Prep, store, and reheat tips

  • Prep the chicken tenders: cut into strips and bread up to a day ahead; keep refrigerated and covered to prevent drying out.
  • Store cooked tenders in an airtight container in the fridge for up to 2 days; reheat for a crunchy comeback, not soggy.
  • Reheat in a hot oven (190°C/375°F) for 8-10 minutes until crispy and heated through—avoid microwave to keep crunch.
  • For freezer stash, freeze cooked or uncooked tenders on a tray, then transfer to a bag; they’ll last 1-2 months. Reheat from frozen in the oven, adding a few extra minutes.
  • Flavor may mellow slightly after storage—adding a fresh squeeze of lemon or a sprinkle of herbs before serving revives brightness.

Top questions about chicken tenders

1. Can I use chicken thighs instead of breasts?

Use chicken breasts for tender, juicy strips that hold up well when fried and coated. If you want a leaner option, chicken tenders from the tenderloin work great, but thighs can be a juicier, slightly richer alternative if you don’t mind a bit more fat.

2. How do I get extra crispy tenders?

For a crispier coating, double-coat the tenders—dip in flour, egg, then breadcrumbs, and repeat. Using panko breadcrumbs also adds extra crunch. Keep the oil temperature steady at 180°C (350°F) to prevent sogginess.

3. Why is my coating falling off?

Make sure to dry the chicken thoroughly before coating. If the coating isn’t sticking, it’s likely too wet or the oil isn’t hot enough. Rest the coated tenders for a few minutes before frying for better adhesion.

4. Why are my tenders greasy and soggy?

Fry in small batches to keep the oil temperature consistent. Overcrowding causes the oil to drop in heat, making tenders greasy and limp instead of crispy. Use a thermometer to monitor the oil’s heat.

5. How can I make the tenders more flavorful?

Adjust seasonings to taste, but a pinch of paprika and garlic powder adds flavor without overpowering. You can also toss in some cayenne for heat or herbs for freshness. Taste your coating mix before frying.

6. Can I oven-bake these chicken tenders?

Yes, you can bake the tenders at 200°C (400°F) for about 15-20 minutes, flipping halfway. They won’t be quite as crispy as fried but still tasty. For extra crunch, broil for the last 2 minutes.

7. How do I reheat leftovers?

Store cooked tenders in an airtight container in the fridge for up to 2 days. Reheat in a hot oven (190°C/375°F) for 8-10 minutes until crispy. Microwaving will make them soft and less crunchy.

8. How do I avoid oil splatters?

To prevent splattering, make sure the oil is at the right temperature, and don’t overcrowd the pan. Use tongs to carefully lower tenders into hot oil, and fry in small batches for safety and even cooking.

9. What if the oil smokes?

If the oil starts to smoke, lower the heat immediately. Keep a splash of water handy to calm small flare-ups. Use a thermometer to maintain a steady frying temperature of 180°C (350°F).

10. What are the essential ingredients?

The key ingredients are chicken, flour, eggs, and breadcrumbs. Use fresh, good-quality ingredients for best flavor. A squeeze of lemon after frying brightens the flavor and enhances the crispy shell.

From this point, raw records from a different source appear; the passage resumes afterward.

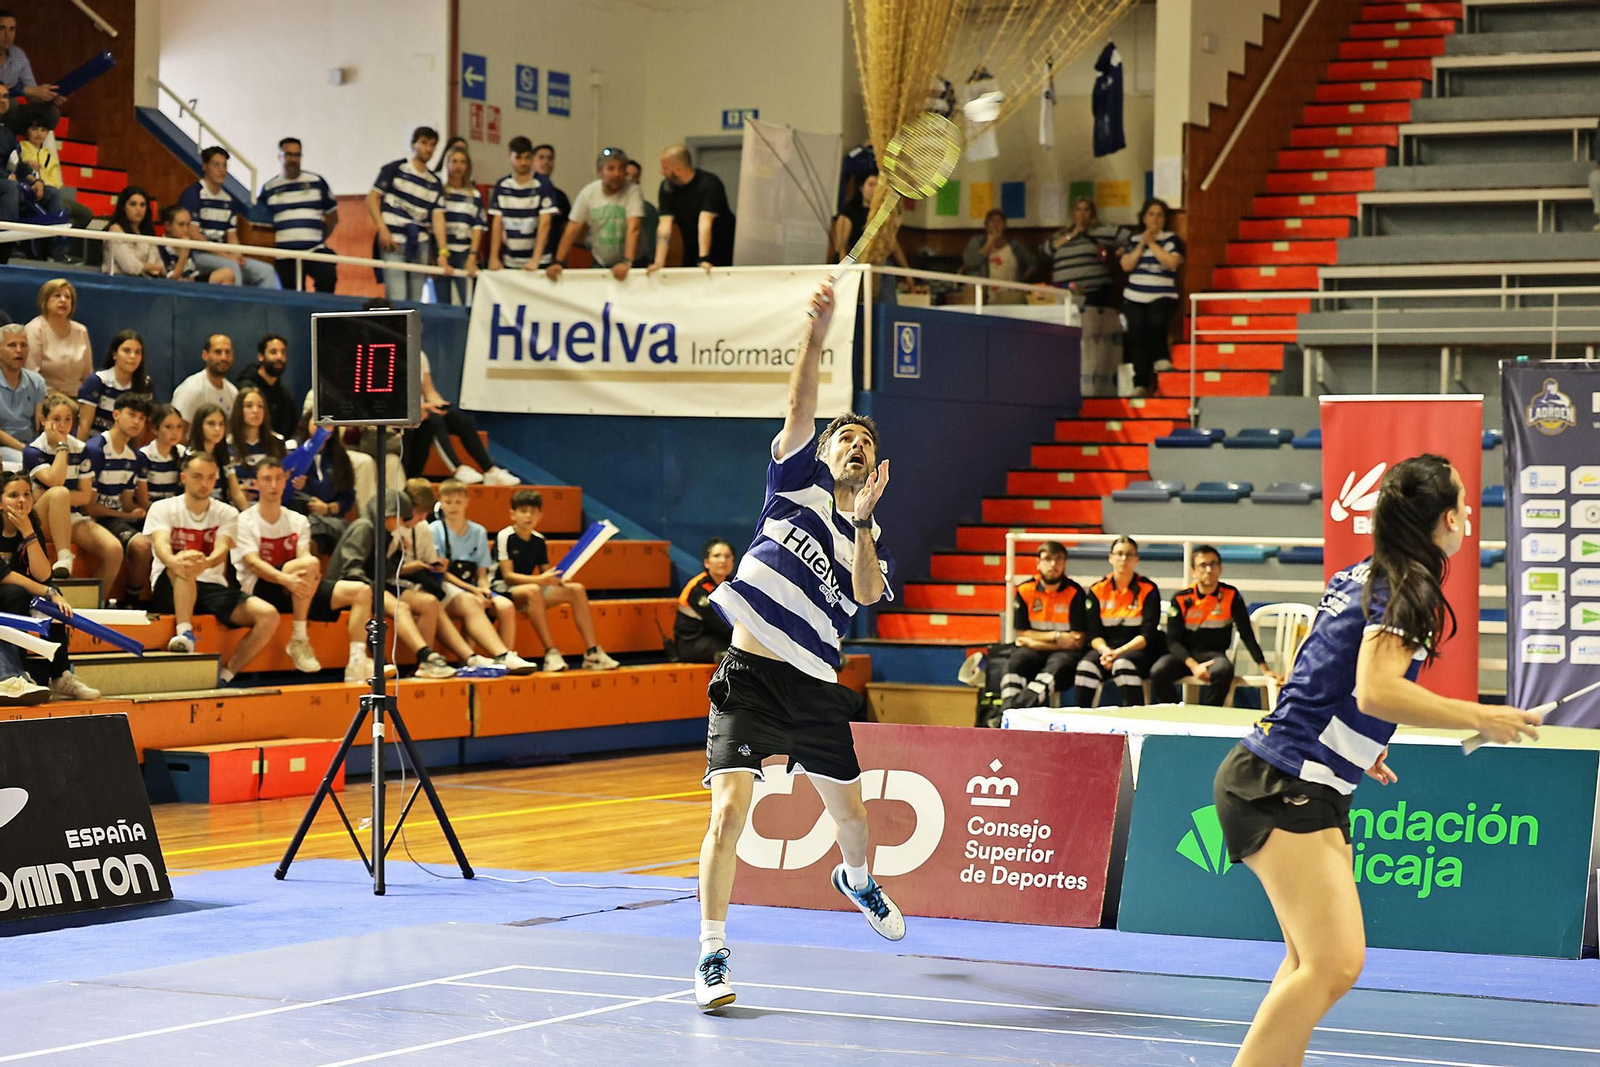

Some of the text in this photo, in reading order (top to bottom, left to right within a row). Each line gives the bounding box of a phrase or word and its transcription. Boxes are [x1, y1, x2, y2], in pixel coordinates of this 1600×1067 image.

[489, 302, 834, 366] Huelva Informacn
[354, 344, 396, 393] 10
[189, 702, 225, 724] F 7
[966, 815, 1052, 843] Consejo
[1348, 801, 1540, 846] ndación
[964, 840, 1055, 865] Superior
[1353, 842, 1464, 899] icaja
[960, 863, 1088, 891] de Deportes

There’s something about that perfect crunch and juicy interior that keeps me coming back to this recipe. Making chicken tenders at home feels like reclaiming a childhood favorite, but with a bit more control over the flavor and crispiness. Plus, the smell of hot oil and seasoned breading filling the kitchen is a small, satisfying triumph.

In the end, it’s the simple act of frying up something homemade that offers a break from the chaos of daily life. These tenders come together quickly and offer a moment of honest, comforting cooking—something to share with friends or keep all to yourself on a busy weeknight.